Re: BRIN index worse than sequential scan for large search set

From: Mickael van der Beek <mickael(dot)van(dot)der(dot)beek(at)gmail(dot)com>
To: Justin Pryzby <pryzby(at)telsasoft(dot)com>
Cc: pgsql-performance(at)postgresql(dot)org
Subject: Re: BRIN index worse than sequential scan for large search set
Date: 2023-02-24 17:51:00
Message-ID: CACM-Oyc-rOkzP6kV1POY+fiZcRQ+cqd5iWqR61zN6nUVRVt3sw@mail.gmail.com
Views: Raw Message | Whole Thread | Download mbox | Resend email
Thread:
Lists: pgsql-performance

Hello Justin,

Thanks for the quick response!

The table may be dense, but the tuples aren't. You're asking to return
> 1/1000th of the tuples, across the entire table. Suppose there are ~100
> tuples per page, and you need to read about every 10th page. It makes
> sense that it's slow to read a large amount of data nonsequentially.

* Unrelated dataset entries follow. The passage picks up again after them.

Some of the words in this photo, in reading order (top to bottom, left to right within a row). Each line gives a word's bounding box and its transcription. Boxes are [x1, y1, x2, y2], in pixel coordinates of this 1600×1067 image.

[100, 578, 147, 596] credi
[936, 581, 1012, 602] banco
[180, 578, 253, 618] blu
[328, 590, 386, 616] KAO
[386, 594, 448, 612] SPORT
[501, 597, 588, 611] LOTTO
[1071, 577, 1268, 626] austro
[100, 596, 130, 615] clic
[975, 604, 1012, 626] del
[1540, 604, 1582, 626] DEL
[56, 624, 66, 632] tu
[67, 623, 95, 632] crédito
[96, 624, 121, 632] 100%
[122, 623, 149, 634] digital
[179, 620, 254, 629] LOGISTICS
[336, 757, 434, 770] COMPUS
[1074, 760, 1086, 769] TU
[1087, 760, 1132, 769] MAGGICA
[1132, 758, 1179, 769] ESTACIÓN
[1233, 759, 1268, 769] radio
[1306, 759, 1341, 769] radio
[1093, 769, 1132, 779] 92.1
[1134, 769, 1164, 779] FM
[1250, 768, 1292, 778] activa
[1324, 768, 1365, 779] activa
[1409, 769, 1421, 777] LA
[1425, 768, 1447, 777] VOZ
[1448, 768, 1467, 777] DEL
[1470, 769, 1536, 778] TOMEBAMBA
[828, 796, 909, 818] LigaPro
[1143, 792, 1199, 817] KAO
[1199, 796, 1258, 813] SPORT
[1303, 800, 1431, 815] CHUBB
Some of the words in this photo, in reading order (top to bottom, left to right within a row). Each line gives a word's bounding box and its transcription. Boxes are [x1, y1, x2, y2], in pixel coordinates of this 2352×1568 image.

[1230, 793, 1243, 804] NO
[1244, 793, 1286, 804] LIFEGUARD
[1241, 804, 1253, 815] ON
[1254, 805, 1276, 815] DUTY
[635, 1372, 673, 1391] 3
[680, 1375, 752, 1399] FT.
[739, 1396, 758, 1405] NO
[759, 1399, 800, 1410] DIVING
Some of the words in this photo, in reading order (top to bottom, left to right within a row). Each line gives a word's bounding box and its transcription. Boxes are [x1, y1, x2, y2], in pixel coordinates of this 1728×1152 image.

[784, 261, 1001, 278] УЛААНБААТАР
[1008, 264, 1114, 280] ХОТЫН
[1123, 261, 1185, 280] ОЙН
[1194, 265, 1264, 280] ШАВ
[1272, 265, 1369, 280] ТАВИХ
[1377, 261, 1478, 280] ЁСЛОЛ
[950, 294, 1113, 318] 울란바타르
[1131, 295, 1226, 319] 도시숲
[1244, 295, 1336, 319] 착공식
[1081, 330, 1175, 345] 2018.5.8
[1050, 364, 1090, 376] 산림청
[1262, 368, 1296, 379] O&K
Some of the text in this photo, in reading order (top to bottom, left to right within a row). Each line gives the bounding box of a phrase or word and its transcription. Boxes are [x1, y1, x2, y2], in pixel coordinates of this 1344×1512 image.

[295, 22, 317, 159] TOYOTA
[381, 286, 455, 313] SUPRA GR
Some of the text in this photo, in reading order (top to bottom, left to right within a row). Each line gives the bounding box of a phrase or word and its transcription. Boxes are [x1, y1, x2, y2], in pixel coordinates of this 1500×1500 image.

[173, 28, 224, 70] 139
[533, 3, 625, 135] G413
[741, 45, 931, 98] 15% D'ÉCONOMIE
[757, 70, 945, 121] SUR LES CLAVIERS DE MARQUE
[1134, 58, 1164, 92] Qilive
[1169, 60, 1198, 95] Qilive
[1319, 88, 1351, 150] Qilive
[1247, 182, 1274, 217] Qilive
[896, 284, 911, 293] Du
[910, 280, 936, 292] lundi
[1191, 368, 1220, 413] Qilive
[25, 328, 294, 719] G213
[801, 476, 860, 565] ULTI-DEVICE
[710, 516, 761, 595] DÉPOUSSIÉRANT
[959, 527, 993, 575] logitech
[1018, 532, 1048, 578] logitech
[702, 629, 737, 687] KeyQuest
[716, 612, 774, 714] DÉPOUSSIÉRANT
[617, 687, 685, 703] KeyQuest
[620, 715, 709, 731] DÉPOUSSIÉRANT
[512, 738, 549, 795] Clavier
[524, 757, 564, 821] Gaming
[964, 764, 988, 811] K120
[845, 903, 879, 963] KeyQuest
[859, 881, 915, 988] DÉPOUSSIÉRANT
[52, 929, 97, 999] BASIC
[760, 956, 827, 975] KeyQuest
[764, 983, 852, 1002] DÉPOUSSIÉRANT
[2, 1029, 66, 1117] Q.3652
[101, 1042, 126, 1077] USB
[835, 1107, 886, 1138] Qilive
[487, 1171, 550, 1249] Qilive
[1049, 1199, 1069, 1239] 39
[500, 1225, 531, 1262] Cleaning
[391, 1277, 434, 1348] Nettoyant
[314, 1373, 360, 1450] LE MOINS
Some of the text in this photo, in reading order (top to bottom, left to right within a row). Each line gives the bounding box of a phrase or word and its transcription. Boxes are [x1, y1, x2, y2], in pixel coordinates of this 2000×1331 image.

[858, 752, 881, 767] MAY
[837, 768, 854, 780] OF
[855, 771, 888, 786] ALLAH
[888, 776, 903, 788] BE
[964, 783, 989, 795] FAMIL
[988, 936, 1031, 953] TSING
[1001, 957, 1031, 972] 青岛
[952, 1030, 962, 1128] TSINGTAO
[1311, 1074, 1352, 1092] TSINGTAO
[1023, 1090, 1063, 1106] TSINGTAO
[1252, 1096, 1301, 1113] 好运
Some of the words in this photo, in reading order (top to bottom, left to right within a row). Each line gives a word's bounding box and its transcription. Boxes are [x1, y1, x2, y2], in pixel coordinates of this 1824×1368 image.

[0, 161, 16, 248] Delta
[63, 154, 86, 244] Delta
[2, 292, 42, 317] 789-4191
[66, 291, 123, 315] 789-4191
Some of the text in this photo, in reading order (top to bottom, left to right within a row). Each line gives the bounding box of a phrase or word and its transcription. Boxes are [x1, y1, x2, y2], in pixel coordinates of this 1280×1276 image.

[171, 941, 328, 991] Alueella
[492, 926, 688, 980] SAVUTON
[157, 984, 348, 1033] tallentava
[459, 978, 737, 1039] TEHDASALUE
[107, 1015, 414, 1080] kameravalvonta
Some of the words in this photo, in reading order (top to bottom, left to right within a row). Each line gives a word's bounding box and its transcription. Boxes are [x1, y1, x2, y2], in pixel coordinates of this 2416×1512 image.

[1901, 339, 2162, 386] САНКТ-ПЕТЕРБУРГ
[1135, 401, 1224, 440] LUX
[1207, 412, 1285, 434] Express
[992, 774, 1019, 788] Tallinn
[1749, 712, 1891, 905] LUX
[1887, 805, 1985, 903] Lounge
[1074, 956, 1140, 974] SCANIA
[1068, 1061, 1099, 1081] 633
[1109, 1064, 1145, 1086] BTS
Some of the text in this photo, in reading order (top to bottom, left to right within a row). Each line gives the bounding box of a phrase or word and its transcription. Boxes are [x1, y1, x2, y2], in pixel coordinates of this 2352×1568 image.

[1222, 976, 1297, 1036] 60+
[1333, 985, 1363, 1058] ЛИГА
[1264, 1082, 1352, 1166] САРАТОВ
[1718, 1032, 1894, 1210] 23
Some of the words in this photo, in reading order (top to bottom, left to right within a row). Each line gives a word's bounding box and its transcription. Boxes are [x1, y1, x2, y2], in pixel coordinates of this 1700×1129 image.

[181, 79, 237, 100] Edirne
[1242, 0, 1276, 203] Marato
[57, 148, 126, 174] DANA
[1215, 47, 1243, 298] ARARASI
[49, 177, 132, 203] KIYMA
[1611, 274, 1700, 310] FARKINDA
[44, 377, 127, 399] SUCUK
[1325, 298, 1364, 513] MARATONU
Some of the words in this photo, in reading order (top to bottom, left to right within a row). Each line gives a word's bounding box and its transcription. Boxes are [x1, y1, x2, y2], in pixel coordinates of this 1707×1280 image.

Ah, of course, you're right!
I forgot that the BRIN indexes store ranges that are not fully covered by
the row values and that PostgreSQL has to double-check (bitmap heap scan)
...
Would you thus advise to only use BRIN indexes for columns who's values are
(1) monotonically increasing but also (2) close to each other?

I guess that in my use case, something like a roaring bitmap would have
been perfect but I do not believe that those exist in PostgreSQL by default.
Btrees work well performance wise but are simply too large (> 400MB for 20M
rows) even when the index fill factor is 100% (+/- 380 MB) for my use case
as I need to index around 6B rows partitioned in roughly 3K buckets which
would result in ~120GB of Btree indexes which seems a bit much for simple
existence checks.

Because it's necessary to check if the tuple is visible to the current
> transaction. It might be from an uncommited/aborted transaction.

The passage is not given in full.